Yahoo hit by malicious software attack

Yahoo hit by malicious software attack

The malware attack was reportedly the work of hackers who effectively took control of Yahoo's advertising network.

It’s been a rough couple of months for Yahoo. A scourge of technical difficulties caused a multi-day outage of the site’s email service just last month, an email service that itself adopted a controversial redesign back in October. Now, according to a report from the Washington Post, an even more serious issue has struck Yahoo and its users: a large-scale malware attack.

Supposedly, the malware attack was the work of hackers who effectively took control of Yahoo’s advertising network and used it to spread malicious software to the computers of hundreds of thousands of Yahoo users throughout the first few days of the year. The security hole was reported originally by Fox-IT, a security firm that published a blog post highlighting the malicious advertisements that users should try to avoid.

The malicious advertisements took various forms, including a film website and one which appears to be pornographic. All of the ads, when clicked on, would “exploit vulnerabilities in Java” and install malware on users’ computers.
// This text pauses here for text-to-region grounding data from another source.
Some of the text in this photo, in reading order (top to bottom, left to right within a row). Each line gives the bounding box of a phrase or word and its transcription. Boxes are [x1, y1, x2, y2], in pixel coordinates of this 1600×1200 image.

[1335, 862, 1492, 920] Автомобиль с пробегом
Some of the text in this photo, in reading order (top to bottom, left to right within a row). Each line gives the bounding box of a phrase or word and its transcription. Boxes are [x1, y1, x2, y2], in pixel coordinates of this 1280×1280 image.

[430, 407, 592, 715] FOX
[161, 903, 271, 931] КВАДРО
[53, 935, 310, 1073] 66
The domains behind the ads appear to be hosted in the Netherlands, where the culprit behind the hacking scheme is likely located.
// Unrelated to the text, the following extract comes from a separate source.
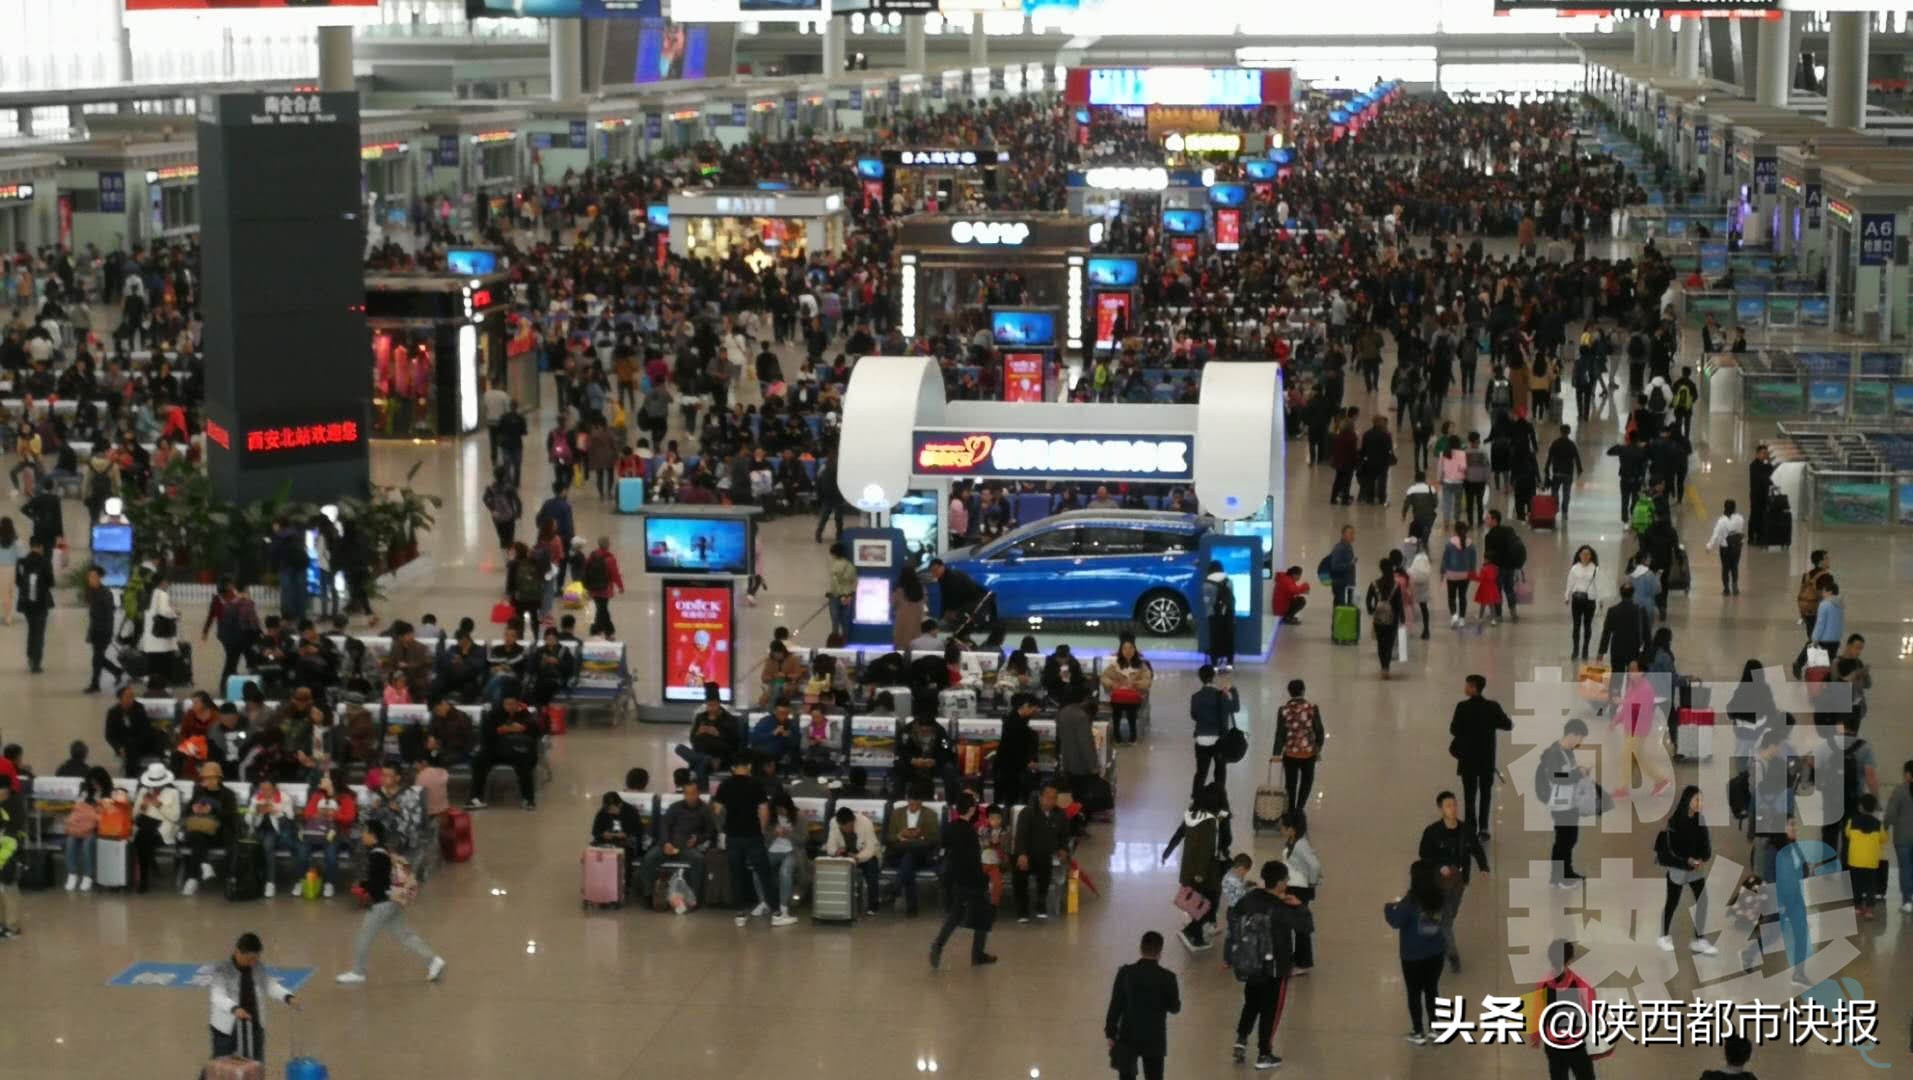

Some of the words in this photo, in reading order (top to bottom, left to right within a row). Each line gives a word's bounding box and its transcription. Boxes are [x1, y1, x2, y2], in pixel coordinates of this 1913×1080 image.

[1865, 221, 1892, 237] A6
[247, 420, 358, 451] 西安北站欢迎您
Fox-IT theorized about just how productive the attack would prove to be fore the hackers, indicating that infections had begun on December 30th and continued, more or less unchecked, over the next few days. When Fox-IT discovered the issue on Friday – Yahoo was apparently unaware of the issue prior to the security firm’s discovery – roughly 300,000 users were seeing the fake ads in any given hour.

The security firm also estimated that only about nine percent of users seeing the ads clicked on them and were infected, a number that seems low, but still lands at 27,000 computers per hour. Over the weekend, the infections have largely been scaled back, thanks to a growing awareness among internet users about the issue and an effort by Yahoo’s security team to eradicate the dangerous advertisements. The overarching goal of the hack has not yet been revealed, but Fox-IT thinks that whoever is behind the attack may be using malicious software to gain access and control of Yahoo users’ computers and then selling that control to other internet lowlifes in an effort to build profit.

Regardless if what these internet criminals want, the Washington Post saw the Yahoo attack as proof that Java needs a security overhaul. The software, which the Post says was originally developed as “a way to make websites more interactive,” has become a security liability since being replaced by Flash and JavaScript. Hackers know how to manipulate vulnerabilities in Java to gain access to computers, and users need to be especially careful if their computer still uses the software.